[Problem statement]
Each line of the data needs to be transcribed exactly.

[Extracted material]
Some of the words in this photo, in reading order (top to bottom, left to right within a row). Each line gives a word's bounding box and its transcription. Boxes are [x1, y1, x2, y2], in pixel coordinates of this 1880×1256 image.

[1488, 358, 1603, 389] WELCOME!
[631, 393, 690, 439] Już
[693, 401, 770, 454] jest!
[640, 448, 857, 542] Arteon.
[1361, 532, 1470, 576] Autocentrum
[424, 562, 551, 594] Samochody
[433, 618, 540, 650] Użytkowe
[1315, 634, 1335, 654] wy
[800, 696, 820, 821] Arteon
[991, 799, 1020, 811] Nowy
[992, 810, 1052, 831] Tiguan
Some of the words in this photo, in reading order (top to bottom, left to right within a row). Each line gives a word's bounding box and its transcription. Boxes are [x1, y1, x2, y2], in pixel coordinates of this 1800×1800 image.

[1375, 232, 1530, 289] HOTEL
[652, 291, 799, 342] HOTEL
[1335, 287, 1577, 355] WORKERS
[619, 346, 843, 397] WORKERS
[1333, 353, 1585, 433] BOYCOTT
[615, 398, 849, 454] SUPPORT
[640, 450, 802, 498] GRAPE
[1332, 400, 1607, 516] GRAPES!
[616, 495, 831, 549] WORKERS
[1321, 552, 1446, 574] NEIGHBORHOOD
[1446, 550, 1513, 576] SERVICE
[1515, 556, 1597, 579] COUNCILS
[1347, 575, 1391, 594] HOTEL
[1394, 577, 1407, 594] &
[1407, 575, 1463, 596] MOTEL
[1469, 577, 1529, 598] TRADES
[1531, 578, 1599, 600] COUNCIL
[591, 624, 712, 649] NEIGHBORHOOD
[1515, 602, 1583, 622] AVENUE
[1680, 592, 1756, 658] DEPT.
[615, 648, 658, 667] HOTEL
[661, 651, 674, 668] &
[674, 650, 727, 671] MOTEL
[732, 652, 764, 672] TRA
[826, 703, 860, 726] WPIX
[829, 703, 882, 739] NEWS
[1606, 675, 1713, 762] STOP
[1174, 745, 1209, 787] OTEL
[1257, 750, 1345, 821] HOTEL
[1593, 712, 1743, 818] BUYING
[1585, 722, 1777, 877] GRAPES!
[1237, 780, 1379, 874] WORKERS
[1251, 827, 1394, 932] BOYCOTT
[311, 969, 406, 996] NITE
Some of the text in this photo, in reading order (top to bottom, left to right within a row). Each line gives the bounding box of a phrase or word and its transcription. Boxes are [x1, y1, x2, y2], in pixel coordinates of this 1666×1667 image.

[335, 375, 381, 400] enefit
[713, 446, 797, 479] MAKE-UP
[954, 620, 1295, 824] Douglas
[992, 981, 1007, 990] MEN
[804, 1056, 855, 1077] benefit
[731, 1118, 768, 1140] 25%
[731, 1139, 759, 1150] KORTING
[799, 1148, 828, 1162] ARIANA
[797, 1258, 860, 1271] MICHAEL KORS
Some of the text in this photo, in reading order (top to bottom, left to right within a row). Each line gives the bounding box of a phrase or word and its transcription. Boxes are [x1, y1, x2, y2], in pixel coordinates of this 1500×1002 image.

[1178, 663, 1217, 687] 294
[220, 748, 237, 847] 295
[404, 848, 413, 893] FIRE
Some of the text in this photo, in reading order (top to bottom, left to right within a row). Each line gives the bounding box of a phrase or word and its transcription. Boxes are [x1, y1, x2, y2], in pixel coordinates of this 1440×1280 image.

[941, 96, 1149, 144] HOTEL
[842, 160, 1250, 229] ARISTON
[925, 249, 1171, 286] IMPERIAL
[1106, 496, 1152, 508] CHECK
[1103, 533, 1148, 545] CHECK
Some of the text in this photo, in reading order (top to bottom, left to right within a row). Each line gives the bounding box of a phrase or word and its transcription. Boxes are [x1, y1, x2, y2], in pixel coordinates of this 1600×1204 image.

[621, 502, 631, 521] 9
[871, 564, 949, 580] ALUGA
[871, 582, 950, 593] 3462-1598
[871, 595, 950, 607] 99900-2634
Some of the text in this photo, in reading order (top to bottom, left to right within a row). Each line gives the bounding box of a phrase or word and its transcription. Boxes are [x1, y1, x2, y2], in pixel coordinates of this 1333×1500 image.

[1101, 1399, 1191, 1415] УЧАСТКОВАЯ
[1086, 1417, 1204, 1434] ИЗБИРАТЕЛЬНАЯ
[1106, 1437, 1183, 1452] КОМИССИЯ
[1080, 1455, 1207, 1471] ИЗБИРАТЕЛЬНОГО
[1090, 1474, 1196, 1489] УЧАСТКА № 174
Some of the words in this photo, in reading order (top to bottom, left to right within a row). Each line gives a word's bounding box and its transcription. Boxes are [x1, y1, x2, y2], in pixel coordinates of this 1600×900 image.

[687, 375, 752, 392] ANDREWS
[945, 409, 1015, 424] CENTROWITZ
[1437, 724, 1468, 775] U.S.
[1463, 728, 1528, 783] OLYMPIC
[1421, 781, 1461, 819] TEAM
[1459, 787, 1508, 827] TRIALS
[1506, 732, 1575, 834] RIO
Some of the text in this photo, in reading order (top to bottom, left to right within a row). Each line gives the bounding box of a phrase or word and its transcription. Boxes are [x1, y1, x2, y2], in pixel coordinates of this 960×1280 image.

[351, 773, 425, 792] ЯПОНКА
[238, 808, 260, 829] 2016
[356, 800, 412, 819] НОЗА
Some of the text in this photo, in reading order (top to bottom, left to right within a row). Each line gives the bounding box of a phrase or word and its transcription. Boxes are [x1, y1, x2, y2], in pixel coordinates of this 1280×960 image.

[Response]
Some of the words in this photo, in reading order (top to bottom, left to right within a row). Each line gives a word's bounding box and its transcription. Boxes are [x1, y1, x2, y2], in pixel coordinates of this 1880×1256 image.

[1488, 358, 1603, 389] WELCOME!
[631, 393, 690, 439] Już
[693, 401, 770, 454] jest!
[640, 448, 857, 542] Arteon.
[1361, 532, 1470, 576] Autocentrum
[424, 562, 551, 594] Samochody
[433, 618, 540, 650] Użytkowe
[1315, 634, 1335, 654] wy
[800, 696, 820, 821] Arteon
[991, 799, 1020, 811] Nowy
[992, 810, 1052, 831] Tiguan
Some of the words in this photo, in reading order (top to bottom, left to right within a row). Each line gives a word's bounding box and its transcription. Boxes are [x1, y1, x2, y2], in pixel coordinates of this 1800×1800 image.

[1375, 232, 1530, 289] HOTEL
[652, 291, 799, 342] HOTEL
[1335, 287, 1577, 355] WORKERS
[619, 346, 843, 397] WORKERS
[1333, 353, 1585, 433] BOYCOTT
[615, 398, 849, 454] SUPPORT
[640, 450, 802, 498] GRAPE
[1332, 400, 1607, 516] GRAPES!
[616, 495, 831, 549] WORKERS
[1321, 552, 1446, 574] NEIGHBORHOOD
[1446, 550, 1513, 576] SERVICE
[1515, 556, 1597, 579] COUNCILS
[1347, 575, 1391, 594] HOTEL
[1394, 577, 1407, 594] &
[1407, 575, 1463, 596] MOTEL
[1469, 577, 1529, 598] TRADES
[1531, 578, 1599, 600] COUNCIL
[591, 624, 712, 649] NEIGHBORHOOD
[1515, 602, 1583, 622] AVENUE
[1680, 592, 1756, 658] DEPT.
[615, 648, 658, 667] HOTEL
[661, 651, 674, 668] &
[674, 650, 727, 671] MOTEL
[732, 652, 764, 672] TRA
[826, 703, 860, 726] WPIX
[829, 703, 882, 739] NEWS
[1606, 675, 1713, 762] STOP
[1174, 745, 1209, 787] OTEL
[1257, 750, 1345, 821] HOTEL
[1593, 712, 1743, 818] BUYING
[1585, 722, 1777, 877] GRAPES!
[1237, 780, 1379, 874] WORKERS
[1251, 827, 1394, 932] BOYCOTT
[311, 969, 406, 996] NITE
Some of the text in this photo, in reading order (top to bottom, left to right within a row). Each line gives the bounding box of a phrase or word and its transcription. Boxes are [x1, y1, x2, y2], in pixel coordinates of this 1666×1667 image.

[335, 375, 381, 400] enefit
[713, 446, 797, 479] MAKE-UP
[954, 620, 1295, 824] Douglas
[992, 981, 1007, 990] MEN
[804, 1056, 855, 1077] benefit
[731, 1118, 768, 1140] 25%
[731, 1139, 759, 1150] KORTING
[799, 1148, 828, 1162] ARIANA
[797, 1258, 860, 1271] MICHAEL KORS
Some of the text in this photo, in reading order (top to bottom, left to right within a row). Each line gives the bounding box of a phrase or word and its transcription. Boxes are [x1, y1, x2, y2], in pixel coordinates of this 1500×1002 image.

[1178, 663, 1217, 687] 294
[220, 748, 237, 847] 295
[404, 848, 413, 893] FIRE
Some of the text in this photo, in reading order (top to bottom, left to right within a row). Each line gives the bounding box of a phrase or word and its transcription. Boxes are [x1, y1, x2, y2], in pixel coordinates of this 1440×1280 image.

[941, 96, 1149, 144] HOTEL
[842, 160, 1250, 229] ARISTON
[925, 249, 1171, 286] IMPERIAL
[1106, 496, 1152, 508] CHECK
[1103, 533, 1148, 545] CHECK
Some of the text in this photo, in reading order (top to bottom, left to right within a row). Each line gives the bounding box of a phrase or word and its transcription. Boxes are [x1, y1, x2, y2], in pixel coordinates of this 1600×1204 image.

[621, 502, 631, 521] 9
[871, 564, 949, 580] ALUGA
[871, 582, 950, 593] 3462-1598
[871, 595, 950, 607] 99900-2634
Some of the text in this photo, in reading order (top to bottom, left to right within a row). Each line gives the bounding box of a phrase or word and its transcription. Boxes are [x1, y1, x2, y2], in pixel coordinates of this 1333×1500 image.

[1101, 1399, 1191, 1415] УЧАСТКОВАЯ
[1086, 1417, 1204, 1434] ИЗБИРАТЕЛЬНАЯ
[1106, 1437, 1183, 1452] КОМИССИЯ
[1080, 1455, 1207, 1471] ИЗБИРАТЕЛЬНОГО
[1090, 1474, 1196, 1489] УЧАСТКА № 174
Some of the words in this photo, in reading order (top to bottom, left to right within a row). Each line gives a word's bounding box and its transcription. Boxes are [x1, y1, x2, y2], in pixel coordinates of this 1600×900 image.

[687, 375, 752, 392] ANDREWS
[945, 409, 1015, 424] CENTROWITZ
[1437, 724, 1468, 775] U.S.
[1463, 728, 1528, 783] OLYMPIC
[1421, 781, 1461, 819] TEAM
[1459, 787, 1508, 827] TRIALS
[1506, 732, 1575, 834] RIO
Some of the text in this photo, in reading order (top to bottom, left to right within a row). Each line gives the bounding box of a phrase or word and its transcription. Boxes are [x1, y1, x2, y2], in pixel coordinates of this 960×1280 image.

[351, 773, 425, 792] ЯПОНКА
[238, 808, 260, 829] 2016
[356, 800, 412, 819] НОЗА
Some of the text in this photo, in reading order (top to bottom, left to right within a row). Each line gives the bounding box of a phrase or word and its transcription. Boxes are [x1, y1, x2, y2], in pixel coordinates of this 1280×960 image.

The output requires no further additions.